O governante visitou hoje à tarde, de carro, as zonas serranas do concelho que durante quase uma semana foram fustigadas pelas chamas, lamentando a "perda imensa" que tiveram agricultores e proprietários florestais.
"Só na primeira intervenção, para reabilitar os solos nesta intervenção inicial de emergência pós-incêndios, será necessário investir aqui cerca de um milhão de euros, um pouco mais", disse aos jornalistas no final da visita.
A reabilitação dos solos vai ser feita com base no relatório da Autoridade Florestal Nacional.
"De S. Pedro do Sul já temos o relatório que nos permite iniciar essa intervenção. É uma primeira intervenção de emergência, corrigindo linhas de água, fazendo limpeza. É aquilo que é importante fazer agora", frisou António Serrano, acrescentando que depois será necessário avançar para "o planeamento da intervenção na florestação".
Esta "é uma intervenção que tem de ser bem pensada tecnicamente", acrescentou, considerando fundamental ouvir várias pessoas sobre esta matéria, "não só do ponto de vista técnico, mas também daquilo que é a sensibilidade das populações", que são quem melhor conhece a região.
O ministro admitiu que incêndios da dimensão do de S. Pedro do Sul demonstram "que ainda há muito para fazer em termos de planeamento da floresta" portuguesa, muitas vezes ordenada, "contrariando aquilo que é a natureza".
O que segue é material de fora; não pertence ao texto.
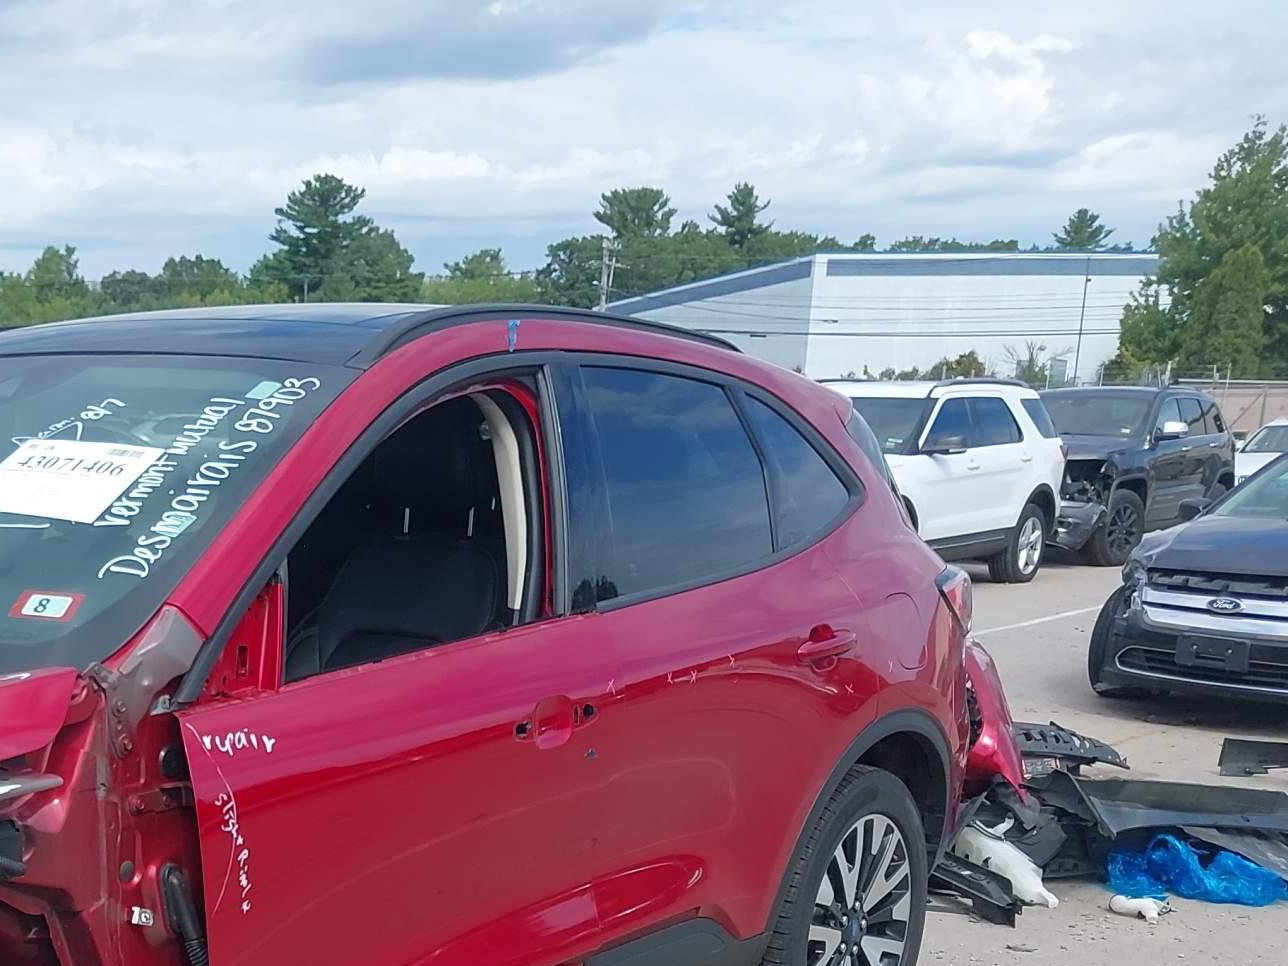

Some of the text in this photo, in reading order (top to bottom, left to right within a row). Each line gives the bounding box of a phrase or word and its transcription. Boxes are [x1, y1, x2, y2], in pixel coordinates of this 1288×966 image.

[234, 376, 321, 434] 87903
[17, 455, 128, 476] 43071406
[33, 598, 51, 613] 8
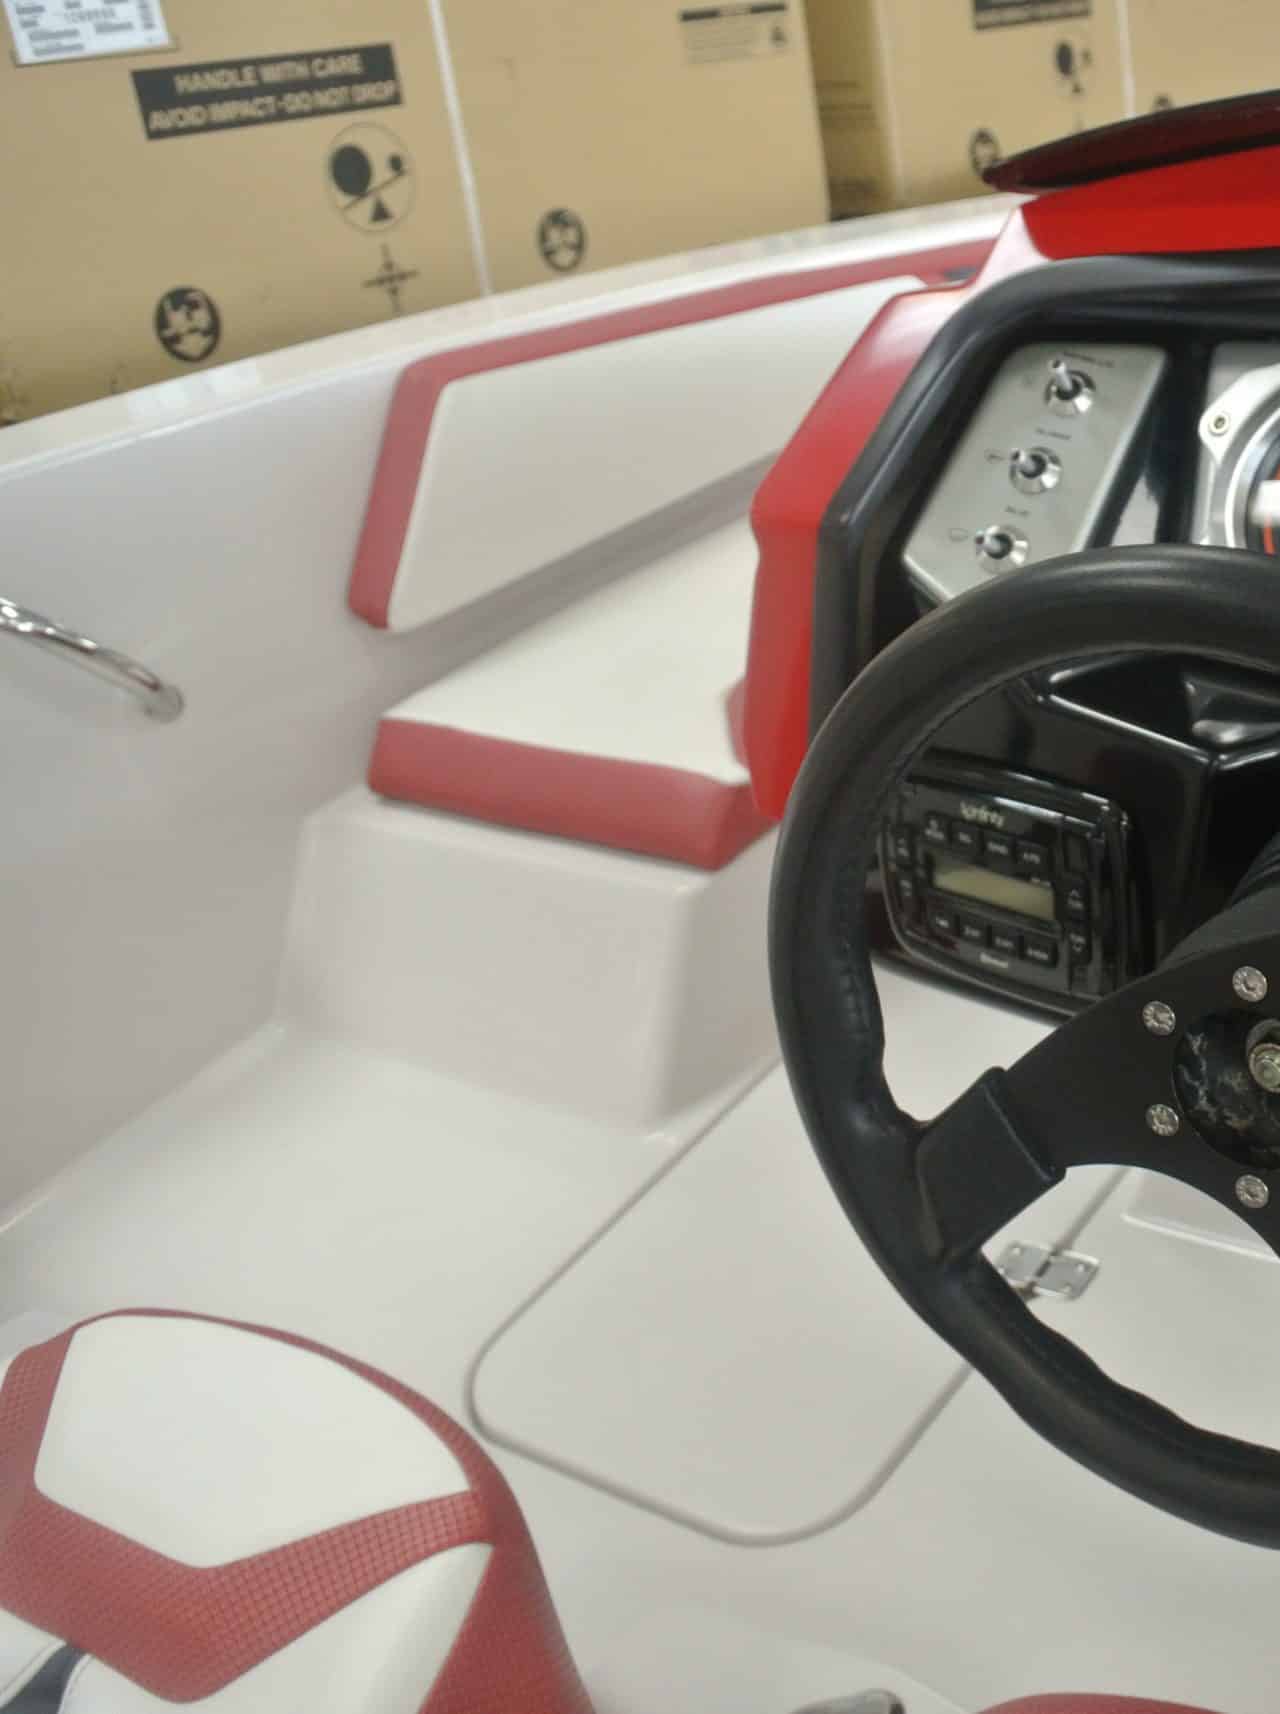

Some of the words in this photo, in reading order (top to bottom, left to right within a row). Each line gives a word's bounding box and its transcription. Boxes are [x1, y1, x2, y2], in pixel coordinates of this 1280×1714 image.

[174, 65, 258, 95] HANDLE
[259, 60, 311, 84] WITH
[311, 53, 364, 78] CARE
[149, 105, 208, 130] AVOID
[351, 79, 398, 102] DROP
"Temos de olhar para tudo isto depois destes incêndios e perceber o que é que podemos fazer no futuro para corrigir. Depois da época dos incêndios o mais importante é nós, com os serviços técnicos, quer dos municípios, quer da autoridade florestal, definirmos uma estratégia de ordenamento deste território de forma a compatibilizar tudo", defendeu, referindo-se ao rendimento "que é importantíssimo para os produtores florestais" e também a uma floresta "que seja mais resistente aos incêndios".
O governante afirmou que, embora existam muitas estimativas, ainda não há um valor exacto dos prejuízos causados pelos incêndios.
"Há muitas variáveis a ponderar e não estamos ainda no final dos incêndios. Estamos em período crítico, que só termina em 15 de Outubro", avisou, considerando ser prematuro fazer estimativas de prejuízos. E lembrou que, desde que há fundos comunitários, se tem investido continuamente na floresta. Só de 2000 a 2009 foram investidos "341 milhões de euros em despesa pública, que potenciou muito o investimento privado".
"O importante é percebermos como é que investimos, onde investimos e que resultados é que obtiveram ao longo deste ciclo que já passou de tantos anos a investir na floresta para planear aquilo que tem que ser feito no futuro", realçou.
Por outro lado, considerou que "a sociedade não deve discutir apenas a floresta e os incêndios na época dos incêndios", mas "de forma correcta durante todo o ano".